RE: I18N-ISSUE-246: Clarify character encoding behavior when calculating storage size [ITS-20] from Phillips, Addison on 2013-03-20 (www-international@w3.org from January to March 2013)

From: Phillips, Addison <addison@lab126.com>
Date: Wed, 20 Mar 2013 23:01:58 +0000
To: Felix Sasaki <fsasaki@w3.org>
CC: Arle Lommel <arle.lommel@dfki.de>, Stephan Walter <stephan.walter@cocomore.com>, Norbert Lindenberg <w3@norbertlindenberg.com>, Yves Savourel <ysavourel@enlaso.com>, "public-multilingualweb-lt-comments@w3.org" <public-multilingualweb-lt-comments@w3.org>, "'www-international'" <www-international@w3.org>
Message-ID: <7C0AF84C6D560544A17DDDEB68A9DFB5043FD2@ex10-mbx-31004.ant.amazon.com>
Hi Felix, 

I've tried to stay out of the "storage size" fray. I was making an observation about avoiding normative language, which helps avoid discussions of whether "must" is normative.

However... regarding the "storage size" thing... the point of the feature is to allow the users of ITS to communicate size limits on a text value/token. As it happens, I was just editing the Unicode FAQ on counting things [1] and certainly the considerations presented there would seem to apply here. Byte counts are not the only use case for counting localizable fields.

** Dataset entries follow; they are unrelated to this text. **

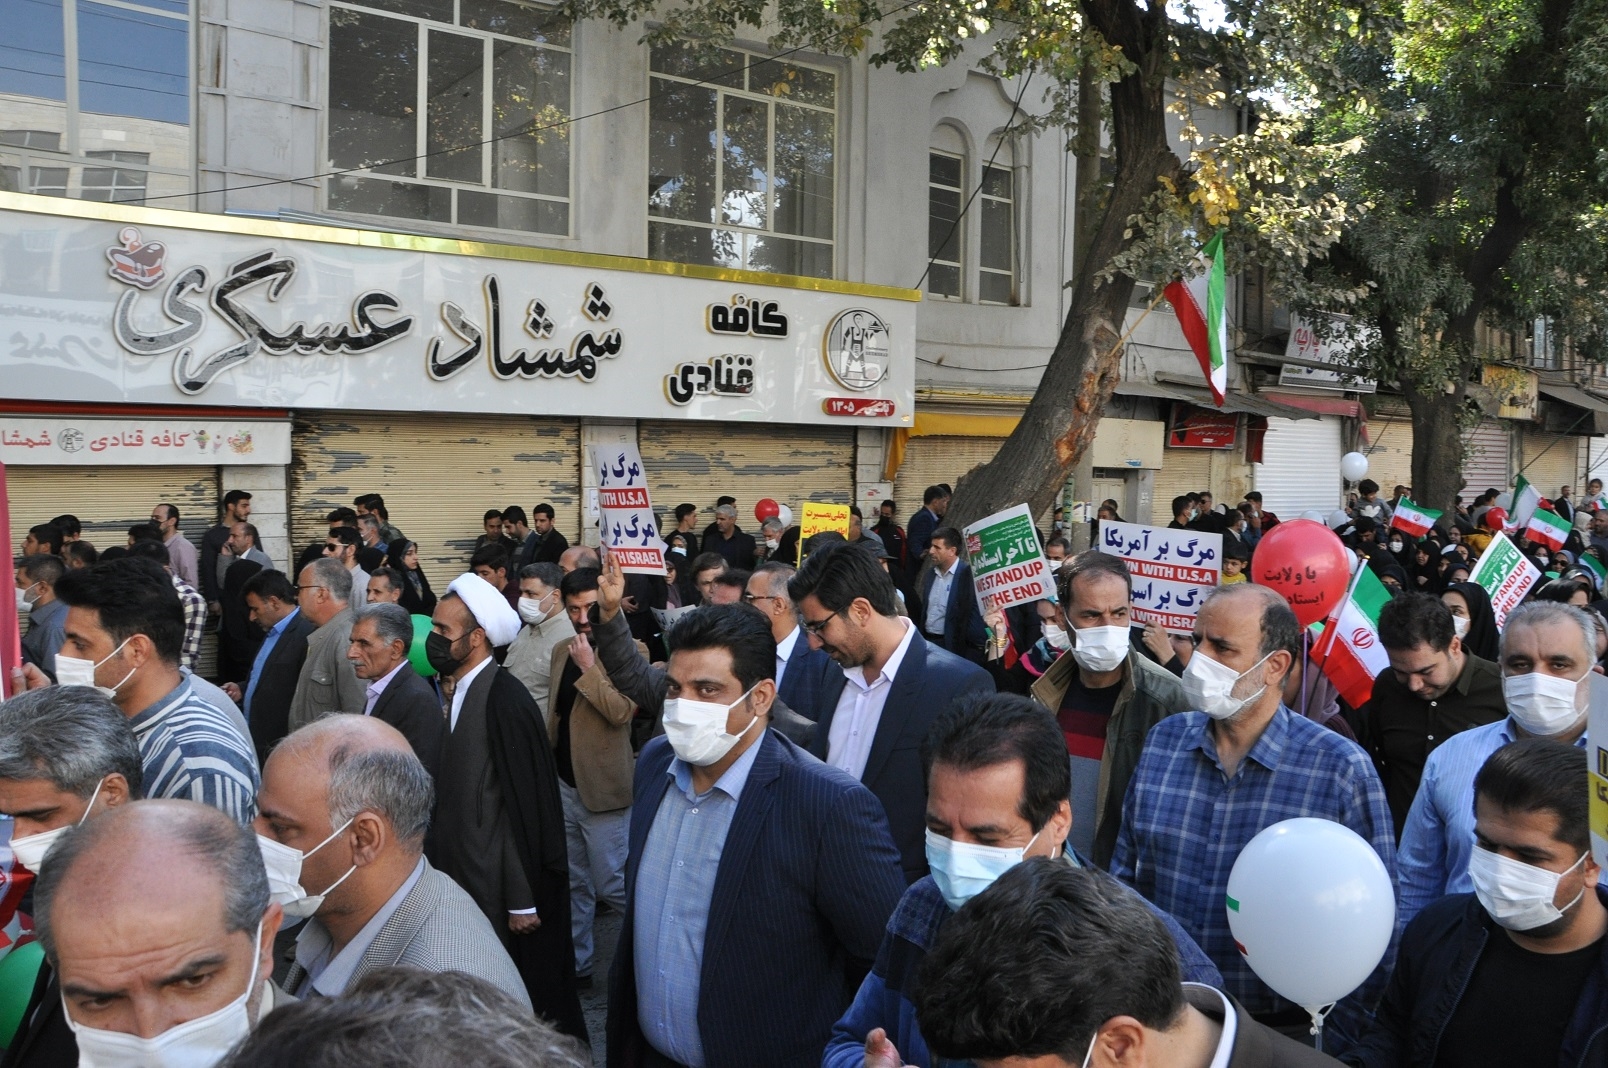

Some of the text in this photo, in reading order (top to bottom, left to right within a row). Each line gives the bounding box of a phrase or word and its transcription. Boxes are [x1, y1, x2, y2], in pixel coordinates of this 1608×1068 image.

[114, 249, 624, 395] شمشاد عسکری
[707, 293, 789, 338] کافه
[665, 354, 755, 406] قنادی
[0, 429, 52, 449] شمشا
[89, 429, 190, 452] کافه قنادی
[612, 452, 640, 486] مرگ
[618, 491, 646, 506] U.S.A
[612, 521, 622, 545] بر
[624, 513, 655, 547] مرگ
[1005, 537, 1024, 566] آخر
[1024, 536, 1036, 553] تا
[1105, 527, 1215, 565] مرگ بر آمریکا
[626, 551, 662, 566] ISRAEL
[986, 567, 1024, 590] STAND
[1024, 561, 1043, 578] UP
[1141, 561, 1174, 578] WITH
[1177, 569, 1212, 583] U.S.A
[1305, 566, 1316, 583] با
[1012, 582, 1042, 601] END
[1493, 575, 1517, 609] STAND
[1515, 561, 1527, 579] UP
[1513, 575, 1532, 598] END
[1154, 591, 1170, 609] بر
[1169, 616, 1195, 628] ISRA
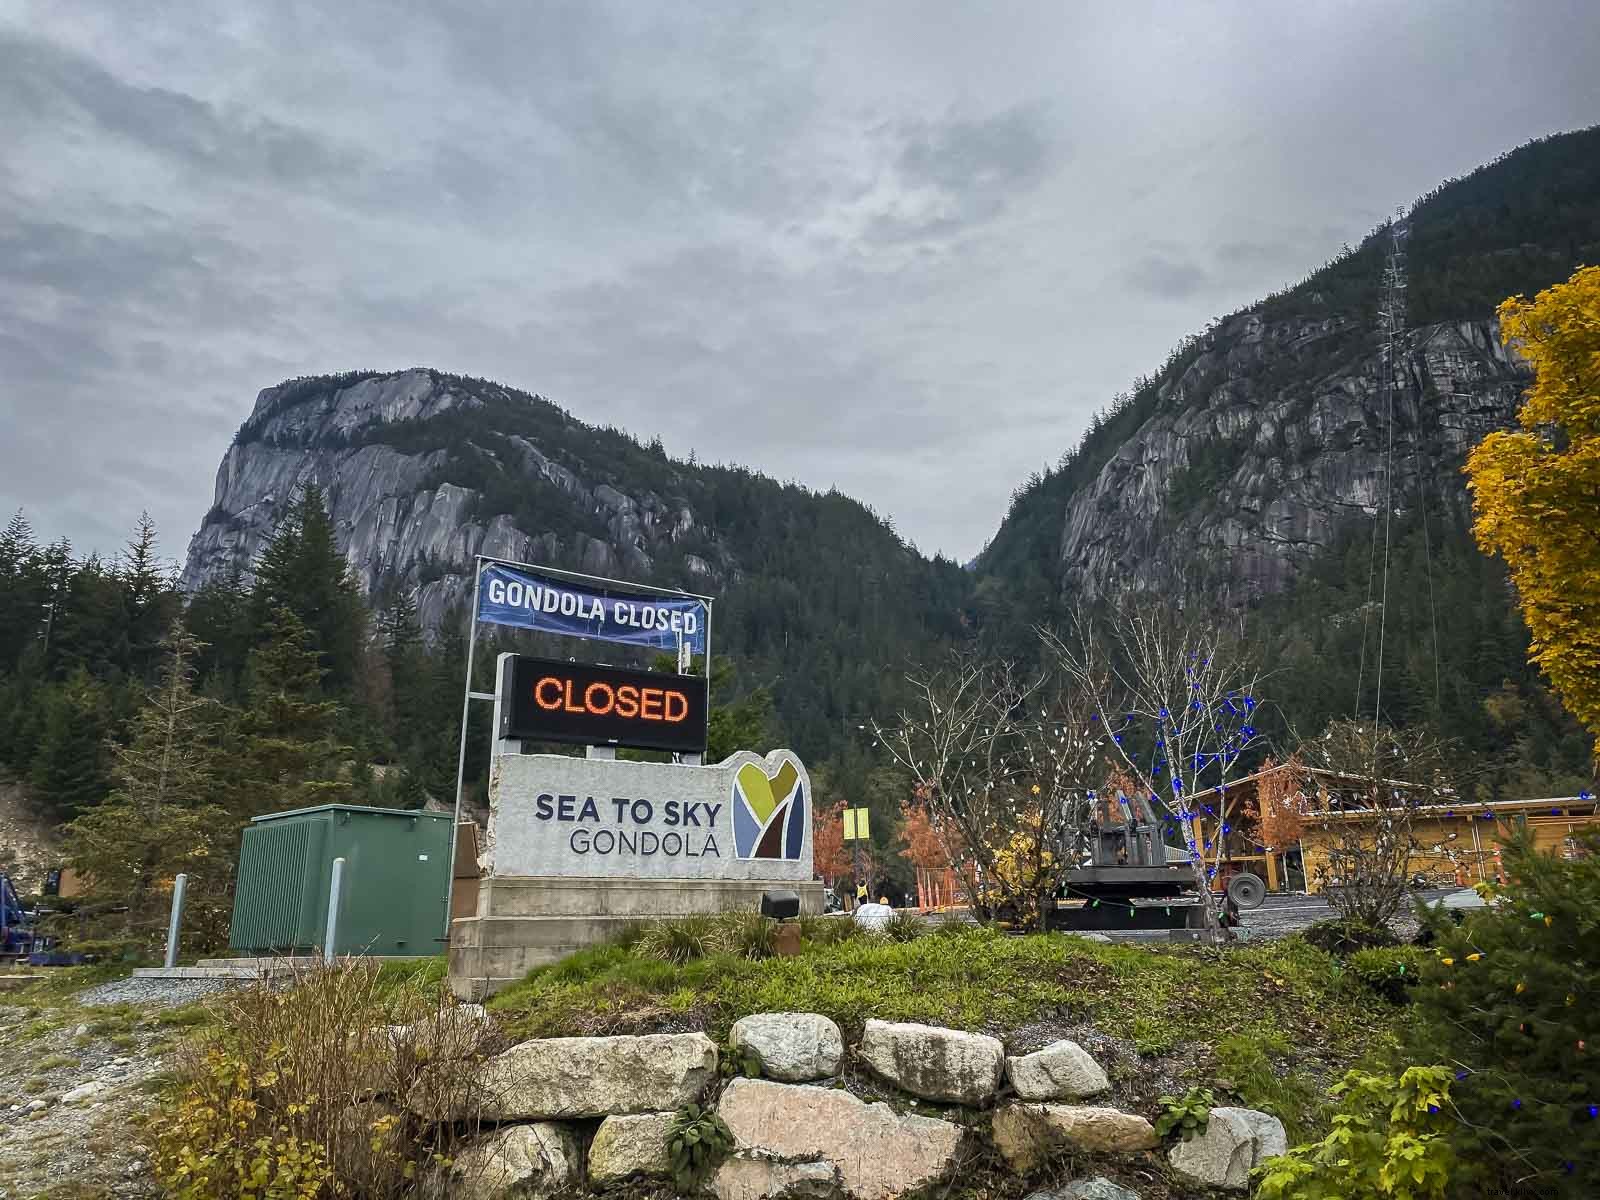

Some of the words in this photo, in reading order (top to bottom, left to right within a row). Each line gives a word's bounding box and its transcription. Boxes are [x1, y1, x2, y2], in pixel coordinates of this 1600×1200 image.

[488, 578, 605, 621] GONDOLA
[613, 602, 697, 634] CLOSED
[535, 677, 688, 722] CLOSED
[535, 793, 600, 822] SEA
[612, 798, 654, 825] TO
[664, 801, 722, 828] SKY
[569, 828, 721, 858] GONDOLA

When it comes to the current usage of "storageSize", there are several points I would make:

You should allow for a Unicode code point count as the default. For UTF-8 this is more useful in many cases.

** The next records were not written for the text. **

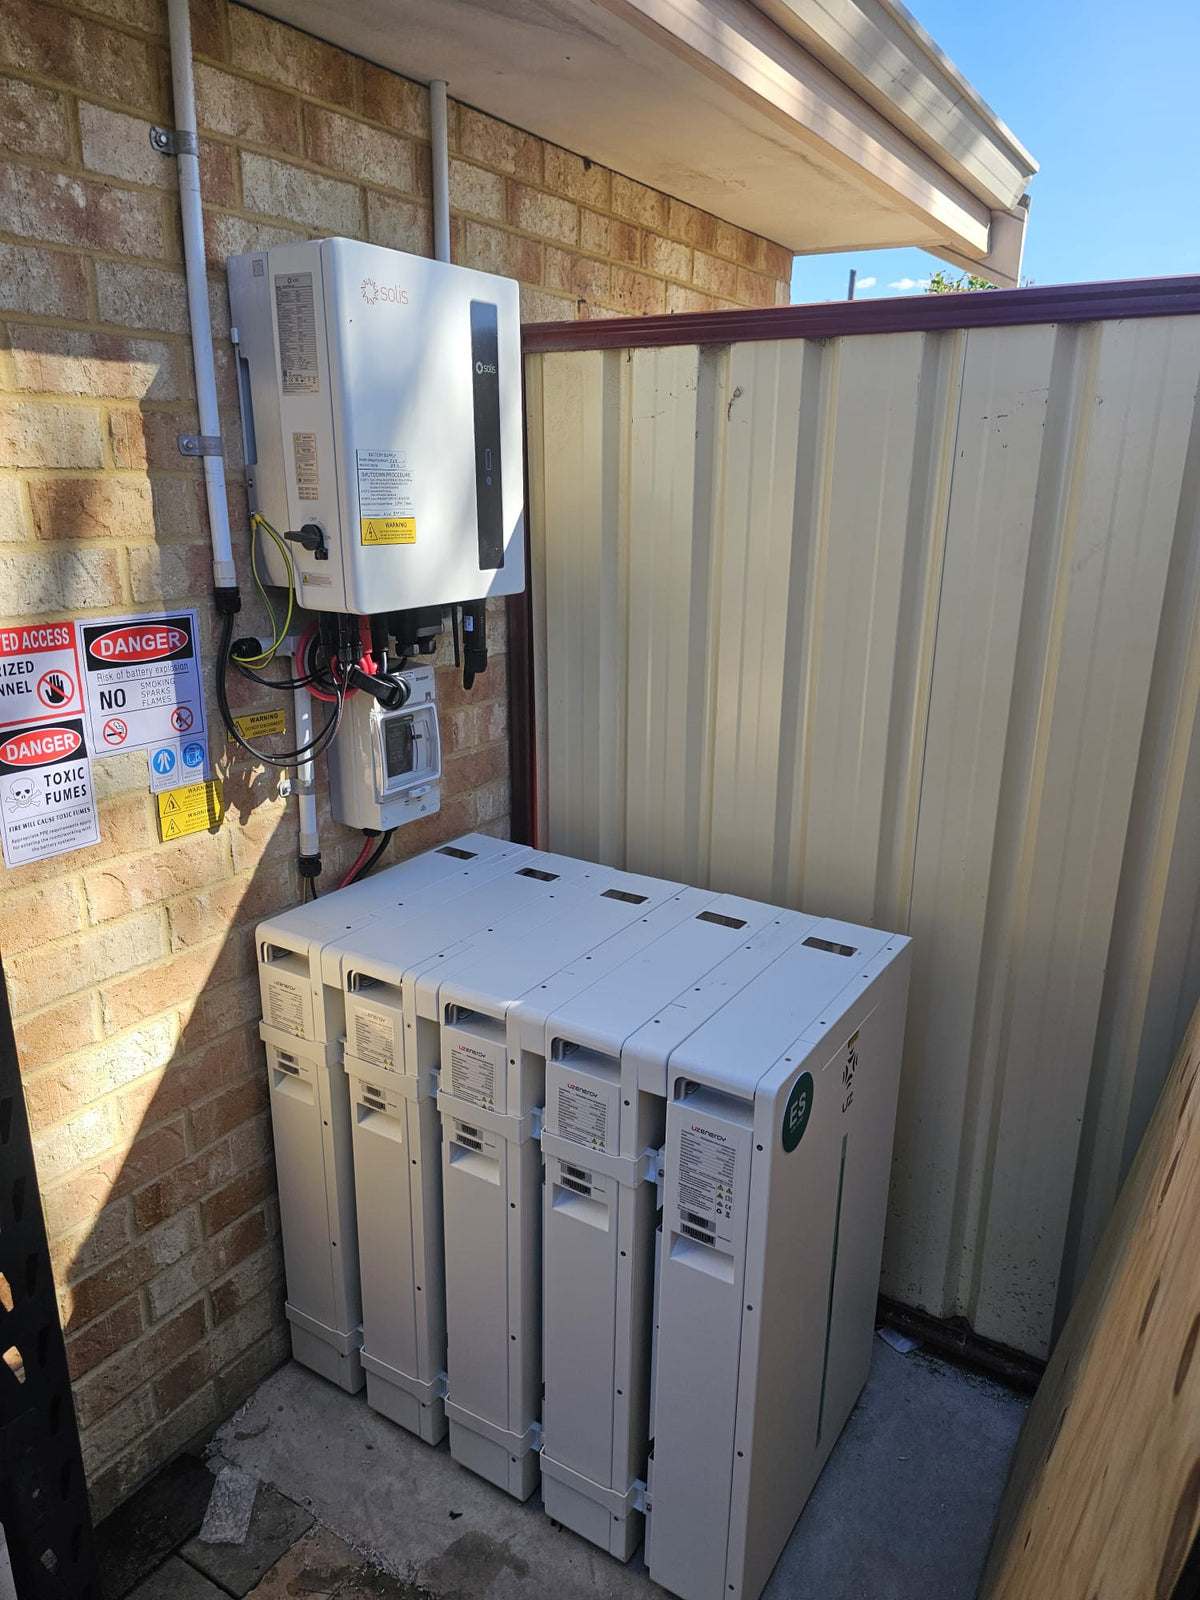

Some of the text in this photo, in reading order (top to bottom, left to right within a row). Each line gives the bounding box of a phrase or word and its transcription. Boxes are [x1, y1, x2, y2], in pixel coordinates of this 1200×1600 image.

[380, 285, 409, 305] solis
[483, 364, 497, 374] solis
[0, 627, 70, 652] ED ACCESS
[100, 631, 181, 657] DANGER
[0, 660, 34, 677] IZED
[96, 662, 189, 682] Risk of battery explosion
[0, 680, 33, 697] NNEL
[140, 677, 176, 690] SMOKING
[141, 687, 171, 699] SPARKS
[99, 688, 127, 711] NO
[142, 695, 173, 707] FLAMES
[250, 712, 279, 723] WARNING
[6, 732, 77, 761] DANGER
[43, 766, 85, 788] TOXIC
[45, 784, 88, 805] FUMES
[9, 807, 91, 833] FIRE WILL CAUSE TOXIC FUMES
[789, 1091, 807, 1129] ES

If a character encoding is specified, then the count is in that character encoding's code units (which might be bytes, but might not be). That is, if "storageEncoding=UTF-16" then storageSize=12 means 12 16-bit code units, not 6. This also keeps silly things like "11 bytes of UTF-16" from happening.

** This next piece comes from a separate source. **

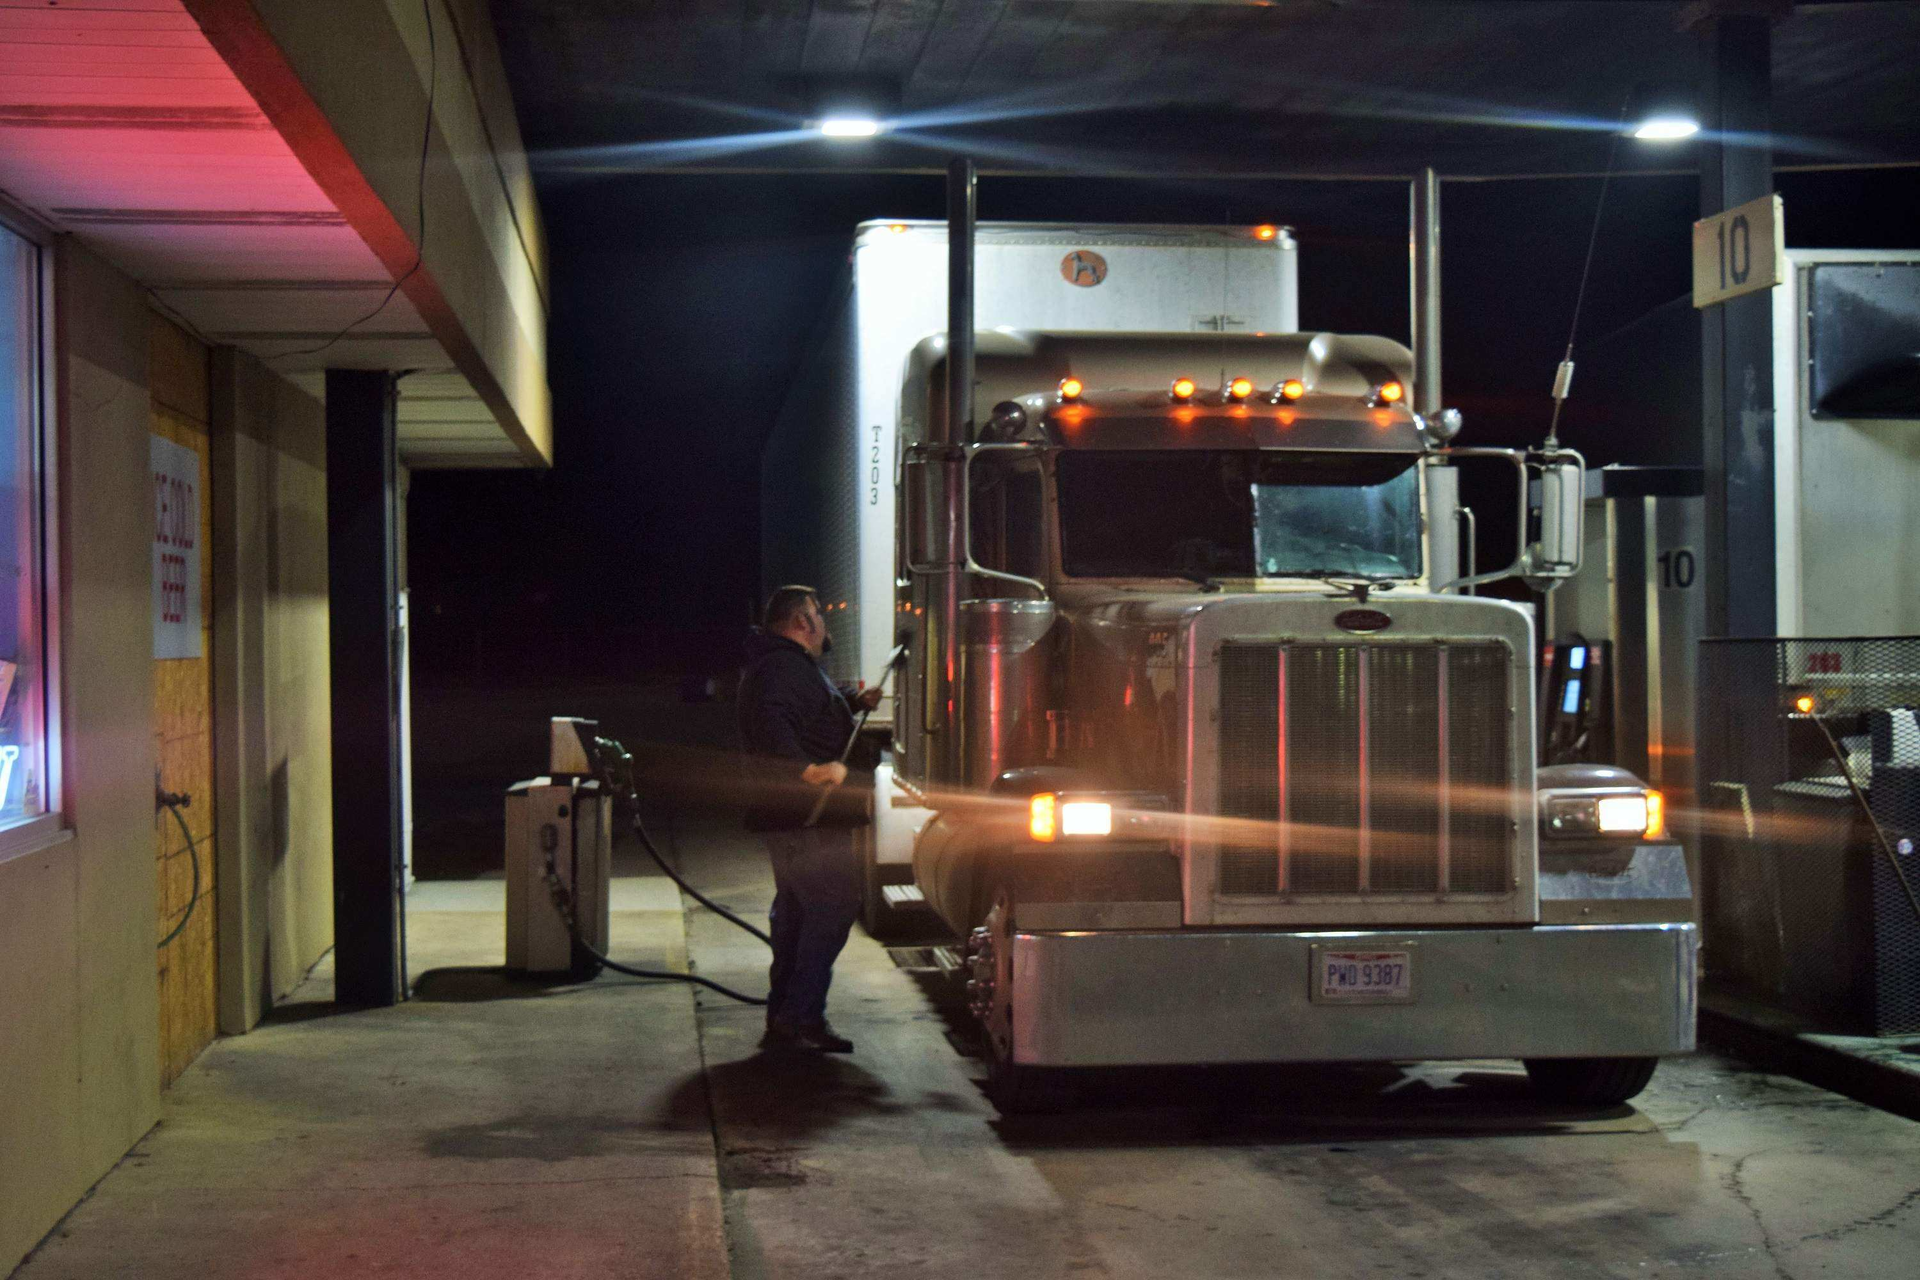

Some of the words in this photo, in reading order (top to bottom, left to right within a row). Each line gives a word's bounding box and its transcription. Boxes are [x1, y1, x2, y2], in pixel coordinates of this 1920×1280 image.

[1717, 214, 1750, 290] 10
[870, 426, 882, 505] T203
[1658, 550, 1694, 588] 10
[1362, 964, 1403, 986] 9387

This conversation has revolved, though, around which character encodings should be mandated by ITS. I think Norbert's original comment has some merit: you should consider what encodings you *mandate* are supported (it could be "none"). The current text sets the default to UTF-8, but it isn't clear what this means. I assume it means that, if the storageEncoding is omitted, then the count is in bytes when the content is converted to UTF-8? I would actually tend to make it Unicode code points.

In any case, I would not write the statement you have. "Encouraging" an application to use UTF-8 is no guidance at all. Either the default is UTF-8 or it isn't. If it isn't, then you should probably define what it means when the encoding is omitted. 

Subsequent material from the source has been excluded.